======== ENTRIES SUPPLIED ========

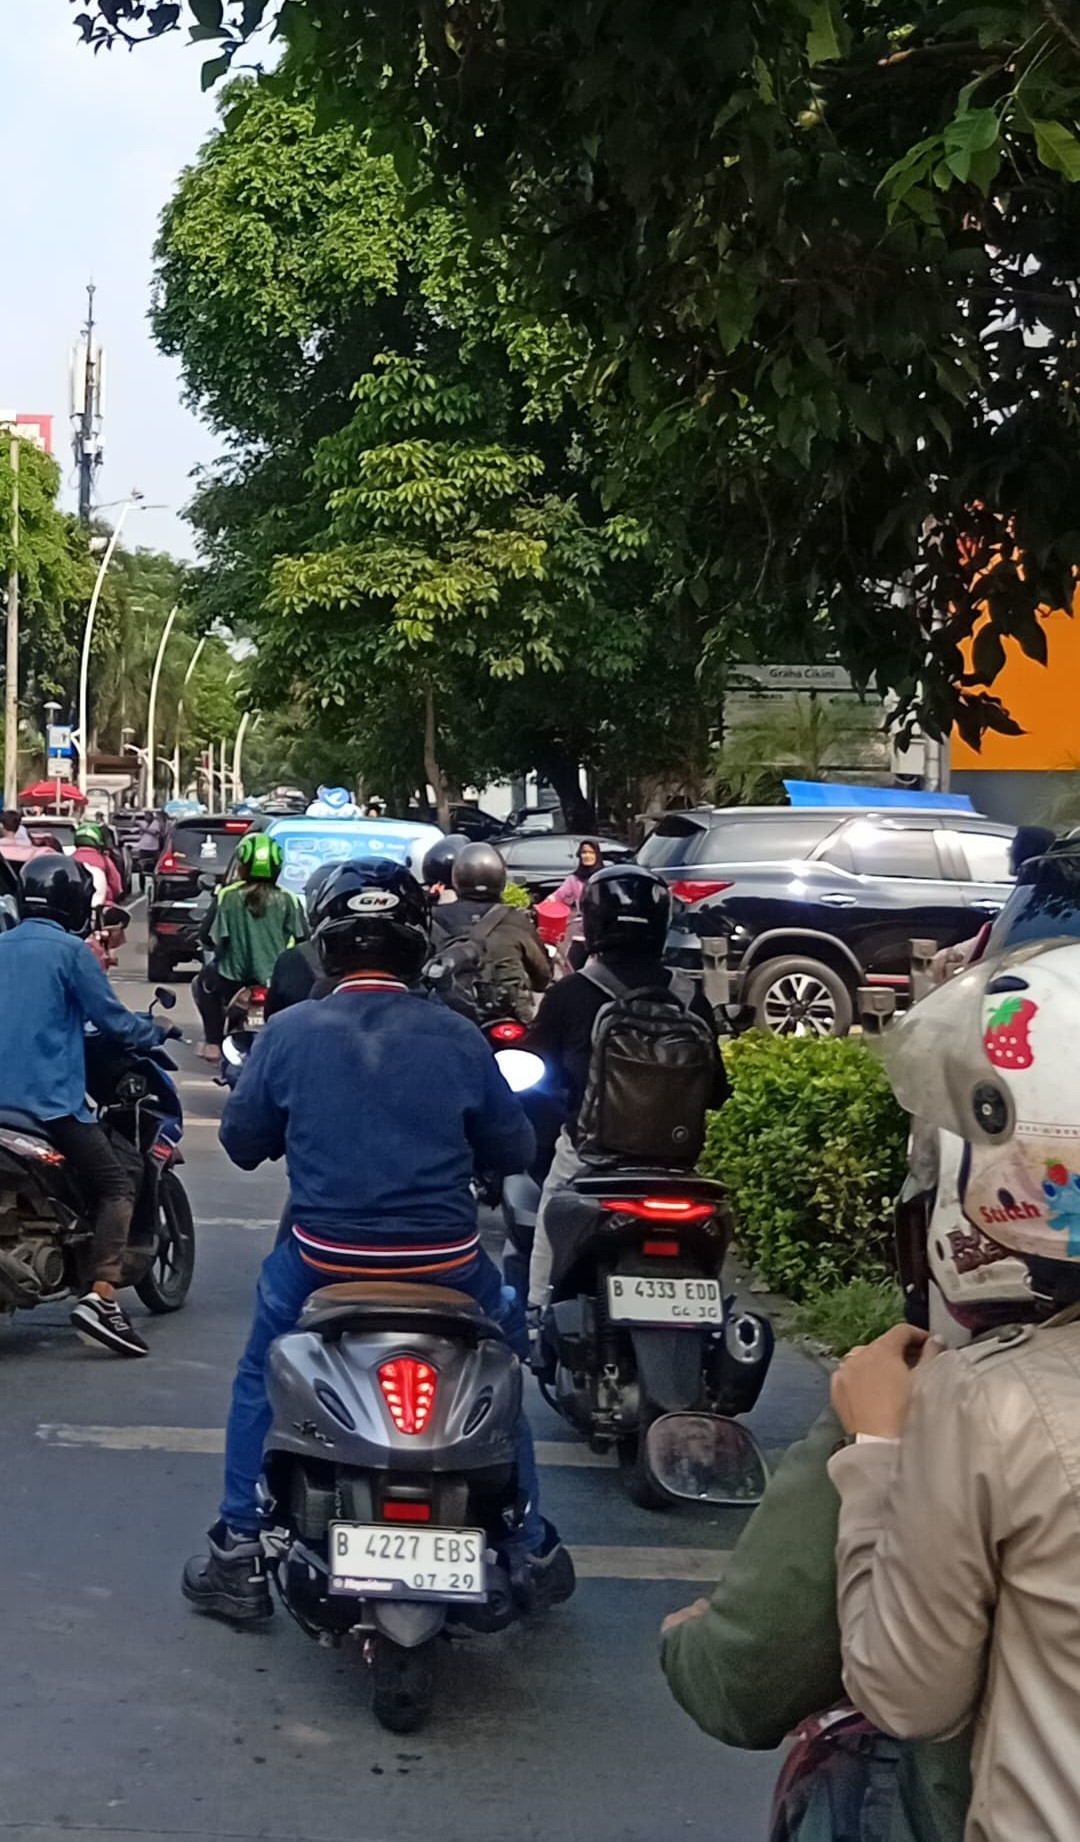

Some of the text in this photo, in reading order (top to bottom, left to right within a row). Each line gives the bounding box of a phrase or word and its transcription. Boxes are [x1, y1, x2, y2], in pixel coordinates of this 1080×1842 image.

[359, 897, 389, 905] GM
[979, 1201, 1042, 1224] Stitch
[613, 1280, 718, 1301] B 4333 EDD
[337, 1532, 476, 1563] B 4227 EBS
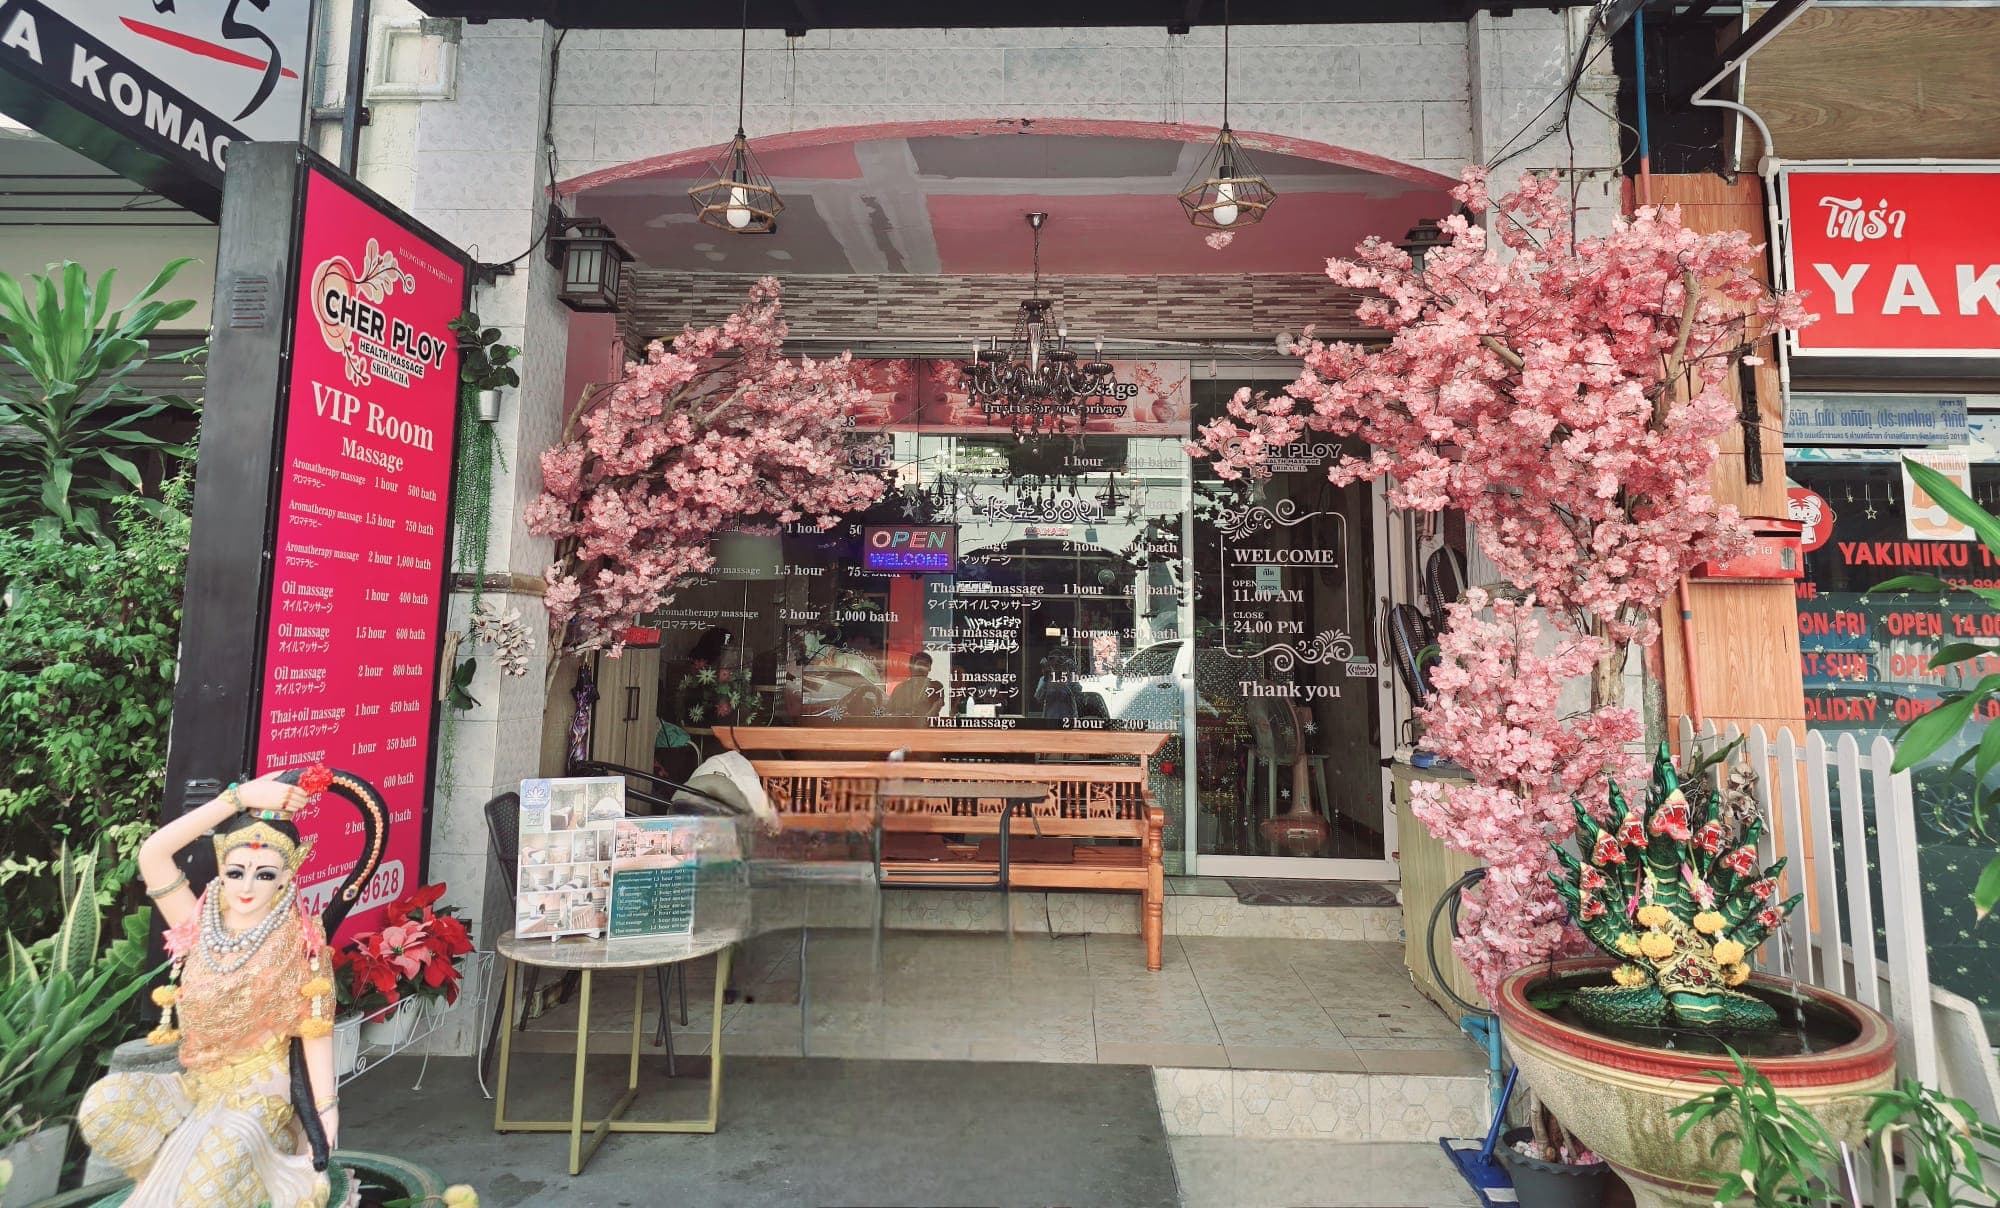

========

■ REQUIREMENT:
When you reproduce the material, keep every word exact and leave each picture out.

■ ANSWER TO THE PROBLEM:
Some of the text in this photo, in reading order (top to bottom, left to right within a row). Each line gives the bounding box of a phrase or word and its transcription. Boxes are [x1, y1, x2, y2], in pixel coordinates of this 1080×1842 image.

[359, 897, 389, 905] GM
[979, 1201, 1042, 1224] Stitch
[613, 1280, 718, 1301] B 4333 EDD
[337, 1532, 476, 1563] B 4227 EBS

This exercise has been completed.